Conveyance ambitions: a perspective

The Indian government seems to be keen on spending money for the transport of the rich


Aakar Patel November 12, 2016
The writer is the editor and translator of Why I write: Essays by Saadat Hasan Manto, published by Westland in 2014. His book, India, Low Trust Society, will be published by Random House. He is Executive Director of Amnesty International India. The views expressed here are his own. aakar.patel@tribune.com.pk

There are over 200 trains going from Ahmedabad to Mumbai. The first one leaves just after midnight and the last one leaves just before. So there are trains going through the day to cover the 524km distance.

There is an airport in Ahmedabad from where there are about 10 daily flights to Mumbai. Ahmedabad and Mumbai are part of the Golden Quadrilateral highway network with six lane expressways on which travel by road is as fast as travel by train. It is possibly the best connected route in India.

I am writing this because prime minister Narendra Modi is in Japan, where he finalised a deal for a bullet train with Japanese leader Shinzo Abe. The train will run from Ahmedabad to Mumbai and design work will begin in a few days.

The project will cost around rupees one lakh crore. The cost is officially said to be Rs97,636 crore but reports said a Rs10,000 crore additional cost may be incurred. To put the figure in perspective, we should know that it is three times the size of India’s health budget. India is a country where 38 per cent of all children are malnourished and stunted at the age of two. This means they will have less physical and intellectual capacity than healthy children and they will never be able to lead a fulfilling life. The bullet train will cost more than we spend annually on the education budget of India. Again, we have some of the lowest literacy rates in the world. And we have a very poor quality of literacy, about which I have written before.

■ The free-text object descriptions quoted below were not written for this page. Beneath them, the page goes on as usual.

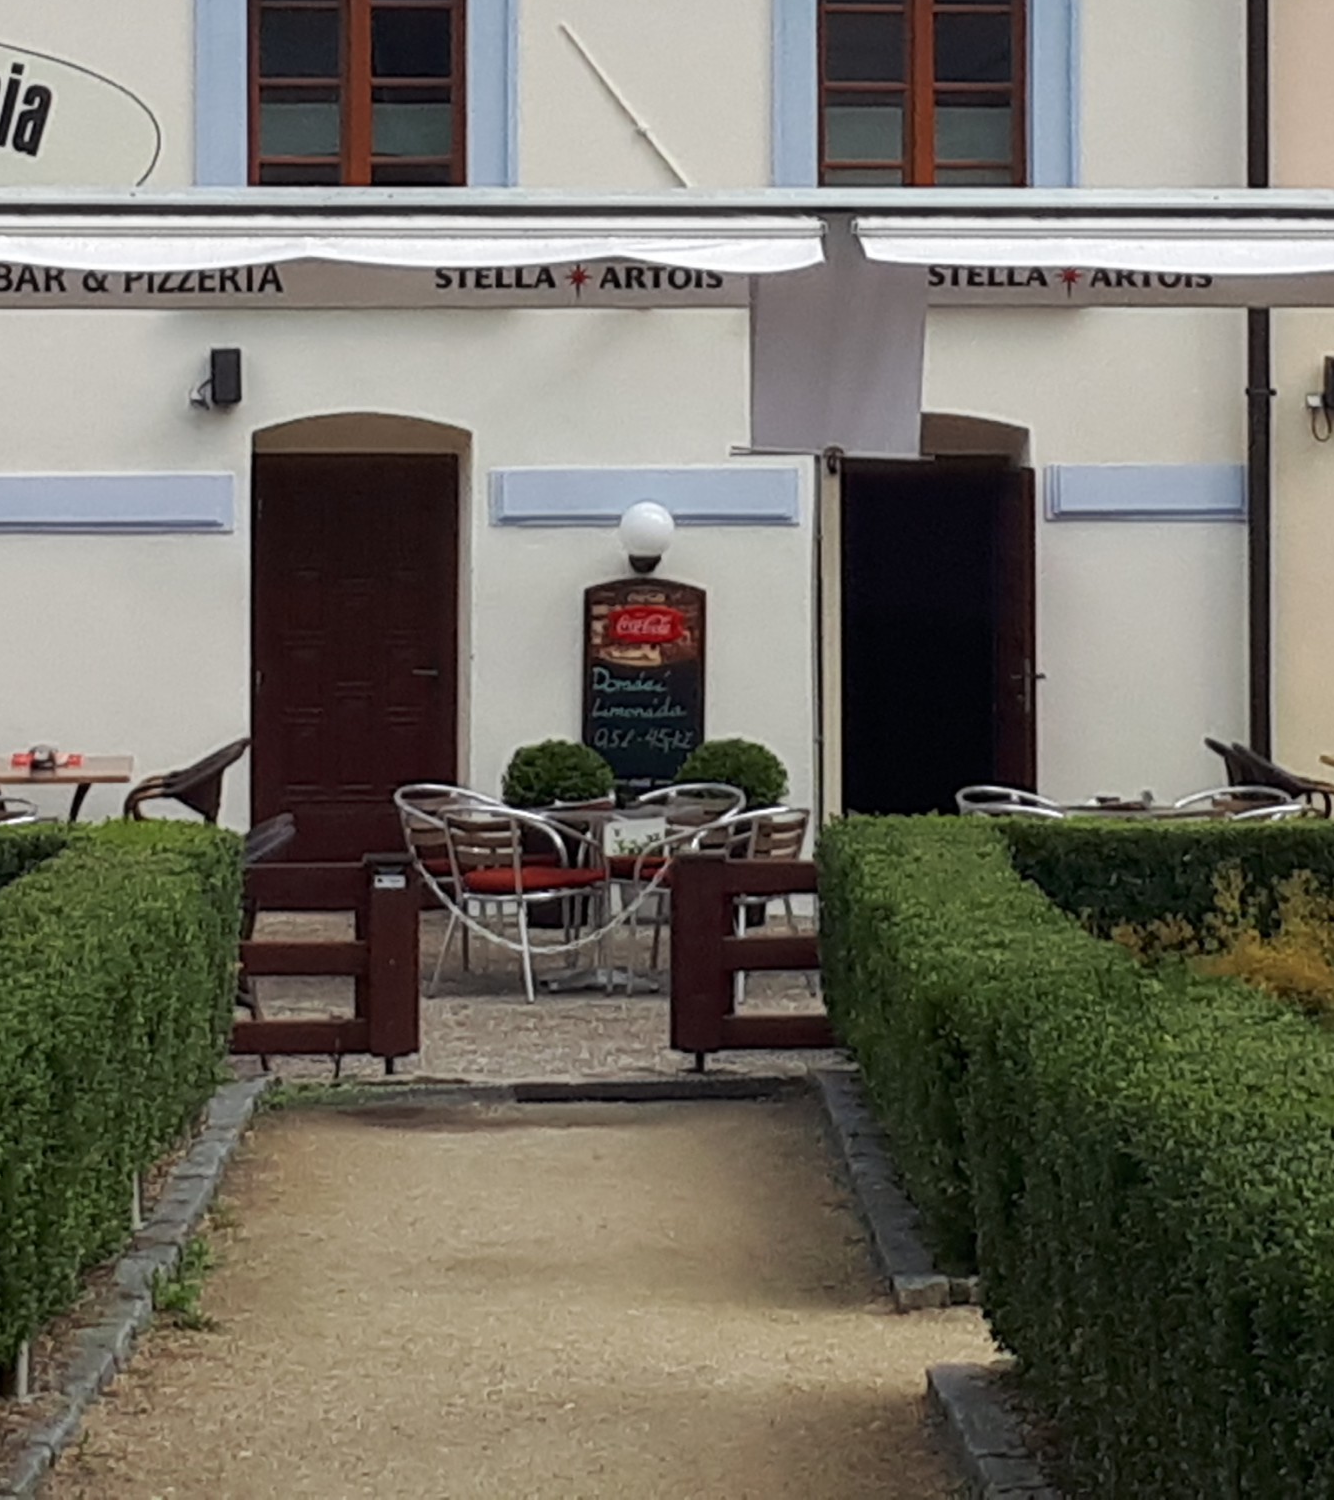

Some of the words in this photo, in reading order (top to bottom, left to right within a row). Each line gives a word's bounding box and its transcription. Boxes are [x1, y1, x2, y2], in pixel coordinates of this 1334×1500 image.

[81, 269, 109, 293] &
[123, 264, 284, 293] PIZZERIA
[435, 266, 557, 290] STELLA
[599, 265, 724, 290] ARTOIS
[927, 265, 1049, 288] STELLA
[1089, 268, 1214, 289] ARTOIS
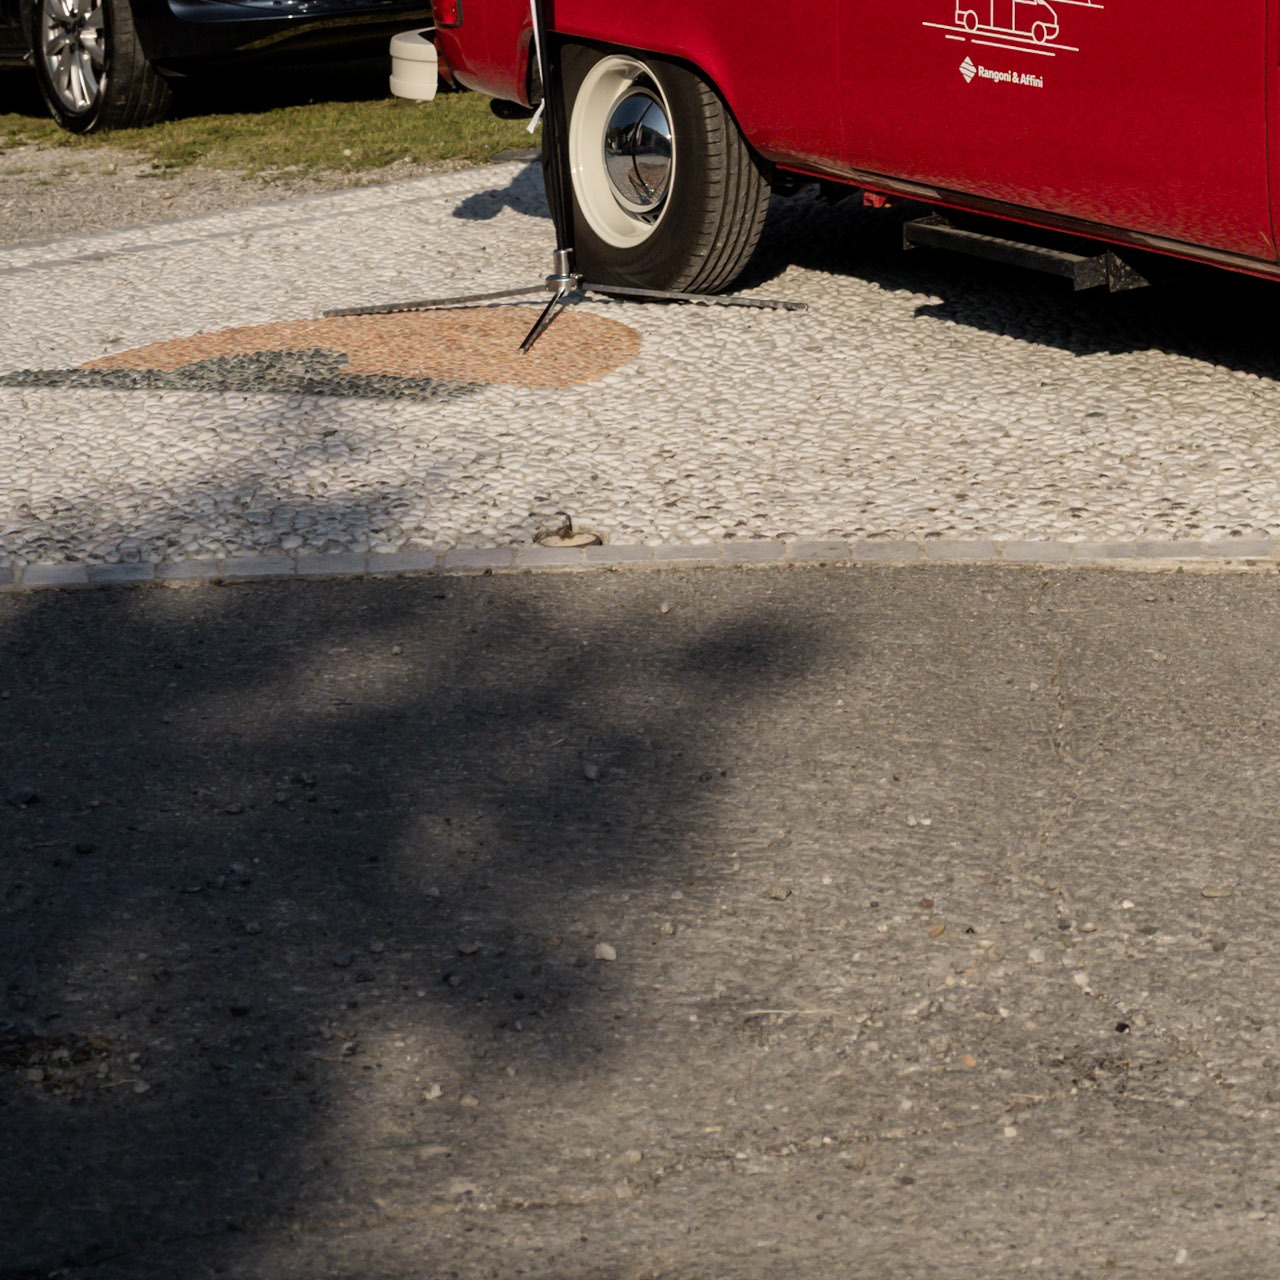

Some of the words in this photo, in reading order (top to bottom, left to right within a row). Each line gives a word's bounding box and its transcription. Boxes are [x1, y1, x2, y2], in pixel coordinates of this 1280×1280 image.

[977, 65, 1012, 83] Rangoni
[1012, 71, 1019, 84] &
[1020, 73, 1043, 88] Affini

The other aspect is that even within the transport industry, our investment does not seem to be made with any sort of attention to the poor and those most in need. In 2005, the BJP governments in Madhya Pradesh and Chhattisgarh shut down the state transport bus system. The reason was that the buses did not make a profit, but how are the poor expected to travel? Of course this profitability is not expected of the bullet train and other projects because, like the giant statues of Vallabhbhai Patel and Chhatrapati Shivaji coming up in Ahmedabad and Mumbai, these are projects that will add to national pride.

One justification for the bullet train is that it will also service two other Gujarati cities on the route, Vadodara, which is 110km from Ahmedabad and Surat, which is another 120km down the road. Vadodara also has many flights to Mumbai. I used to regularly visit my parents in Surat because there was a single flight from Bangalore but now I cannot because there is no flight. On November 6, 2014, a SpiceJet Boeing had an accident at Surat airport. A report said the jet “hit a buffalo that had strayed on to the runway because of a hole in the airport’s boundary wall. The engine of the Boeing 737 aircraft was severely damaged by the hit and the plane stopped. The buffalo was killed”.

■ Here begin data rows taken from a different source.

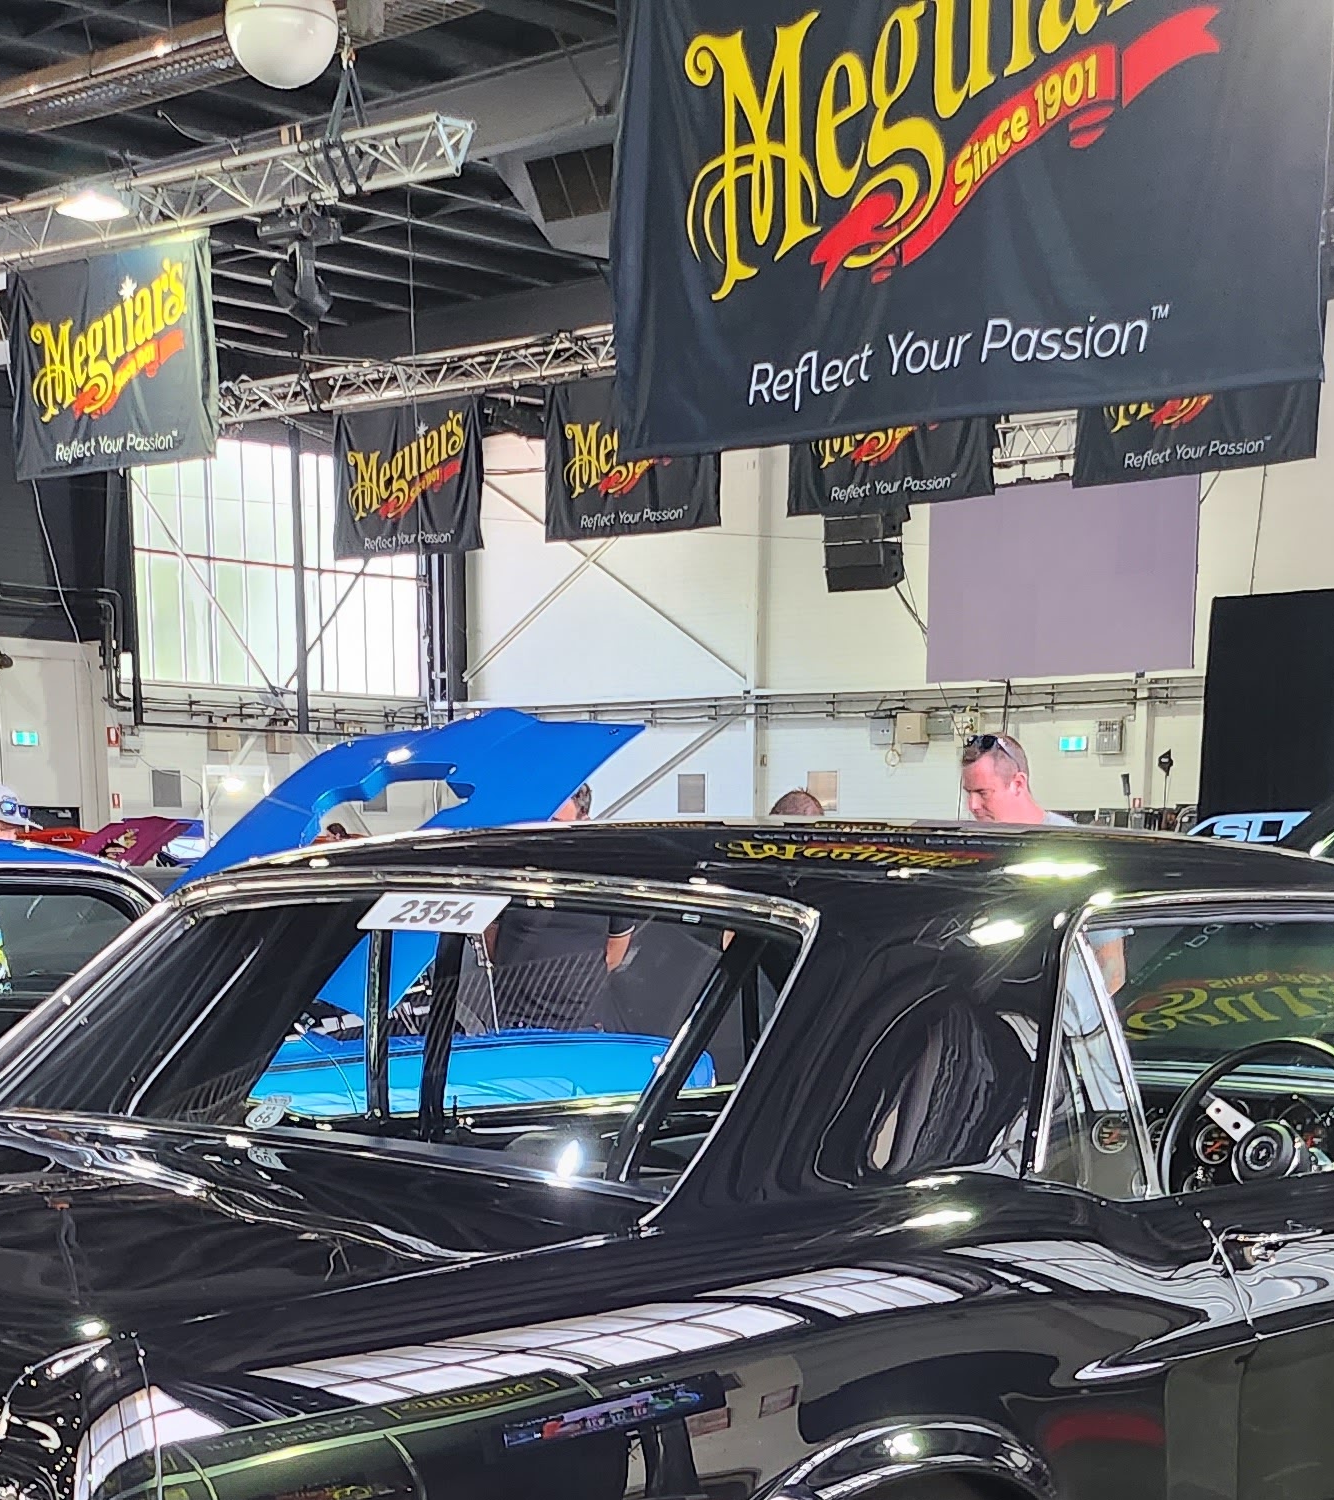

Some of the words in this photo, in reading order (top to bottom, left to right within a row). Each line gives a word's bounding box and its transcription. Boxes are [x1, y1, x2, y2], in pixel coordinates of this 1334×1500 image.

[953, 108, 1029, 206] Since
[1033, 53, 1099, 129] 1901
[30, 257, 187, 423] Meguiar's
[747, 340, 875, 412] Reflect
[886, 328, 973, 377] Your
[56, 439, 96, 464] Reflect
[98, 434, 125, 456] Your
[1123, 449, 1170, 471] Reflect
[1174, 443, 1207, 461] Your
[347, 410, 465, 522] Meguiar's
[830, 481, 871, 504] Reflect
[873, 478, 901, 495] Your
[580, 512, 615, 531] Reflect
[617, 509, 641, 524] Your
[364, 534, 397, 552] Reflect
[387, 899, 476, 926] 2354
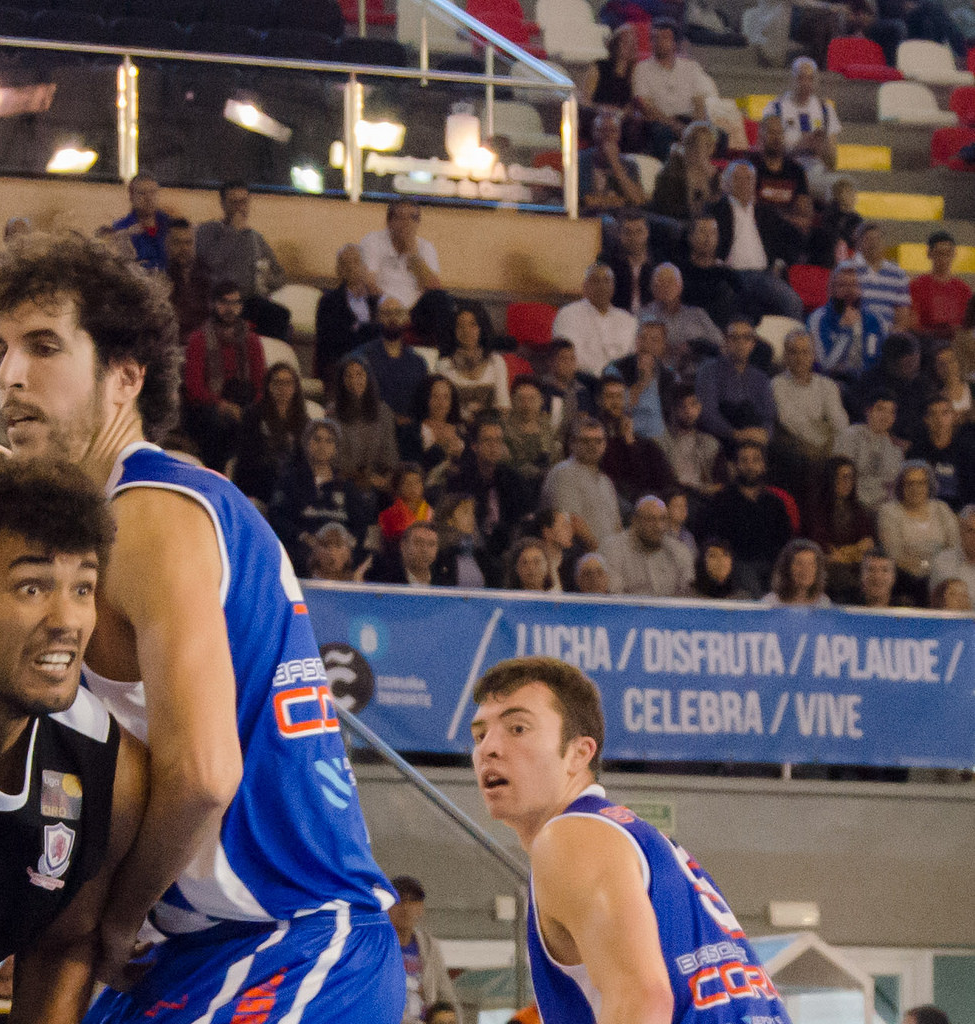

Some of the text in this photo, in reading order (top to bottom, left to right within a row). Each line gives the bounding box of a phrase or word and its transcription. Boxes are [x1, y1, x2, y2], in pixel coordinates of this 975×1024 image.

[643, 628, 786, 678] DISFRUTA
[813, 633, 941, 683] APLAUDE
[623, 688, 764, 736] CELEBRA
[795, 691, 864, 740] VIVE

The report added that the “civil aviation ministry has ordered two inquiries, by the director general of civil aviation and the Airports Authority of India. A perimeter security review of airports across the country has been ordered” and “minister Ashok Gajapati Raju held a two-hour meeting and ordered, sources say, that all airports should be secured by a concrete boundary, not fencing or brick walls.”

The government seems to be keen on spending money for the transport of the rich, on the assumption that this will grow the economy and ultimately benefit the nation. If so, it will help to have a functional and safe airport in Surat that connects it to the rest of the world, rather than a bullet train taking one only to and from Mumbai.

This buffalo episode highlights the inability of India to secure and sanitise spaces. That additional cost of Rs10,000 crore referred to earlier is for an elevated corridor, meaning the bullet train will run high above the chaos of India. It will be a vanity project, sucking money that could be used for health and education. And of absolutely no use to the vast majority of Indians. It will be of no particular use even to those living in and between Ahmedabad and Mumbai, already the best connected part of India.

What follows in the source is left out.